Your task: Only the lines from the one with "this 2212×1659 image." through the end of the data are wanted, copied exactly.

Records provided:
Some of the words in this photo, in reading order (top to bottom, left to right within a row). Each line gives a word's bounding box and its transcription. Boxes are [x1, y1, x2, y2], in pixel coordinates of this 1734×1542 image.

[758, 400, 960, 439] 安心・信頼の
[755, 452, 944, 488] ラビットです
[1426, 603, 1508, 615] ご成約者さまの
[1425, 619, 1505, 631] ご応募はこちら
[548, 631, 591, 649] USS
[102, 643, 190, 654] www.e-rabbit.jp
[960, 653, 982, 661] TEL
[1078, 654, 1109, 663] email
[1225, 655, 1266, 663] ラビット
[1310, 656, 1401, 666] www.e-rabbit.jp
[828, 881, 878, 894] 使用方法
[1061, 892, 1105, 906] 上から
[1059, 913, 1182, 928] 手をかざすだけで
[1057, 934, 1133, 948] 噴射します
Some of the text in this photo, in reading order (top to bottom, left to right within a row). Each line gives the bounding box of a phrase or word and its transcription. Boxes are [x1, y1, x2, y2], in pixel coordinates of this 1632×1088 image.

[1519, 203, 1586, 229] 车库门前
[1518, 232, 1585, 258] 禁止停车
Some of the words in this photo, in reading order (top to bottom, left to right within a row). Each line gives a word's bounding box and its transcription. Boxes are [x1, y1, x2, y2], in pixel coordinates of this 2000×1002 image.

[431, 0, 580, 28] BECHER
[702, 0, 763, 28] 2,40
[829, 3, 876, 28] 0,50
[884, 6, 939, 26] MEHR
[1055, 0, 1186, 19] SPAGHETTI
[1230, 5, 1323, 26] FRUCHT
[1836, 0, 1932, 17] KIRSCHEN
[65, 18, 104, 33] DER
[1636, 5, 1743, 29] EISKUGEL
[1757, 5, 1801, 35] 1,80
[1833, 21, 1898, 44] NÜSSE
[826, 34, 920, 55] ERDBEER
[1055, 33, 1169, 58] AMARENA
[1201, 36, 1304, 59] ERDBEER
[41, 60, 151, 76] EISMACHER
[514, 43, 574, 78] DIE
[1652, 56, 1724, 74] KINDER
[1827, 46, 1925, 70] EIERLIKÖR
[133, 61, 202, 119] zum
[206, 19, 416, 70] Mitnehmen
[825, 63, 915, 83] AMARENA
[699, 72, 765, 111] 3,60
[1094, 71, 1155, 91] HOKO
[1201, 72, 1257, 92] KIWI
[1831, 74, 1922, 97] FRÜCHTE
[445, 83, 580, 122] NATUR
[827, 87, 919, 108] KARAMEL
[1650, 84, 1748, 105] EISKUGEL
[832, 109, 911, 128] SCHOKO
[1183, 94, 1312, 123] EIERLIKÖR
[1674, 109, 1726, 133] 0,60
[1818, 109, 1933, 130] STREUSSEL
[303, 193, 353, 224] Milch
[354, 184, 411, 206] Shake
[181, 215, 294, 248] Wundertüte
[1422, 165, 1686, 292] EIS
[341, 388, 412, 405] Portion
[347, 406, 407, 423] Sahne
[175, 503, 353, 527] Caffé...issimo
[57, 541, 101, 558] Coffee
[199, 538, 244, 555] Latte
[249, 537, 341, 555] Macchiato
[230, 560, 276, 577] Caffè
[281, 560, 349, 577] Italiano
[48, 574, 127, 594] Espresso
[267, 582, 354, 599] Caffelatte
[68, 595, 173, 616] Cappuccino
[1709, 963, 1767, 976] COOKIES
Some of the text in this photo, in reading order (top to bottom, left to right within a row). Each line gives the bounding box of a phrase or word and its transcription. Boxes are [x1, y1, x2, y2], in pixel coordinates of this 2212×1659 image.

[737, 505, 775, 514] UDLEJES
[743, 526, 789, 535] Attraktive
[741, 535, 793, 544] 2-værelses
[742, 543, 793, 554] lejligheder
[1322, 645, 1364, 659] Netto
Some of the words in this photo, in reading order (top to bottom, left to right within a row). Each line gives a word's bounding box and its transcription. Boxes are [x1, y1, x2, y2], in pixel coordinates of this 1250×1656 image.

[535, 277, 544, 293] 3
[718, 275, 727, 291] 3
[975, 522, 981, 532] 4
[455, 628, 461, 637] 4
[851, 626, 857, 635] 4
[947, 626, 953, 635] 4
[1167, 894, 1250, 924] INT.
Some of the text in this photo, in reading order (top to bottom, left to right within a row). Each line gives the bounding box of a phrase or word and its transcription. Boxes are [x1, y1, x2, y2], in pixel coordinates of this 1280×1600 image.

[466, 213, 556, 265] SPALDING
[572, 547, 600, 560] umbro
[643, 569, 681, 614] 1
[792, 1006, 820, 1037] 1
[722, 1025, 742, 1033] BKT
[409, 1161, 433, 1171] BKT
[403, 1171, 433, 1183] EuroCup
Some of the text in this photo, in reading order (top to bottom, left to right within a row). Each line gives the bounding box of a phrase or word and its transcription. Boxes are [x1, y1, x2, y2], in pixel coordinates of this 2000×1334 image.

Solution to this problem:
Some of the text in this photo, in reading order (top to bottom, left to right within a row). Each line gives the bounding box of a phrase or word and its transcription. Boxes are [x1, y1, x2, y2], in pixel coordinates of this 2212×1659 image.

[737, 505, 775, 514] UDLEJES
[743, 526, 789, 535] Attraktive
[741, 535, 793, 544] 2-værelses
[742, 543, 793, 554] lejligheder
[1322, 645, 1364, 659] Netto
Some of the words in this photo, in reading order (top to bottom, left to right within a row). Each line gives a word's bounding box and its transcription. Boxes are [x1, y1, x2, y2], in pixel coordinates of this 1250×1656 image.

[535, 277, 544, 293] 3
[718, 275, 727, 291] 3
[975, 522, 981, 532] 4
[455, 628, 461, 637] 4
[851, 626, 857, 635] 4
[947, 626, 953, 635] 4
[1167, 894, 1250, 924] INT.
Some of the text in this photo, in reading order (top to bottom, left to right within a row). Each line gives the bounding box of a phrase or word and its transcription. Boxes are [x1, y1, x2, y2], in pixel coordinates of this 1280×1600 image.

[466, 213, 556, 265] SPALDING
[572, 547, 600, 560] umbro
[643, 569, 681, 614] 1
[792, 1006, 820, 1037] 1
[722, 1025, 742, 1033] BKT
[409, 1161, 433, 1171] BKT
[403, 1171, 433, 1183] EuroCup
Some of the text in this photo, in reading order (top to bottom, left to right within a row). Each line gives the bounding box of a phrase or word and its transcription. Boxes are [x1, y1, x2, y2], in pixel coordinates of this 2000×1334 image.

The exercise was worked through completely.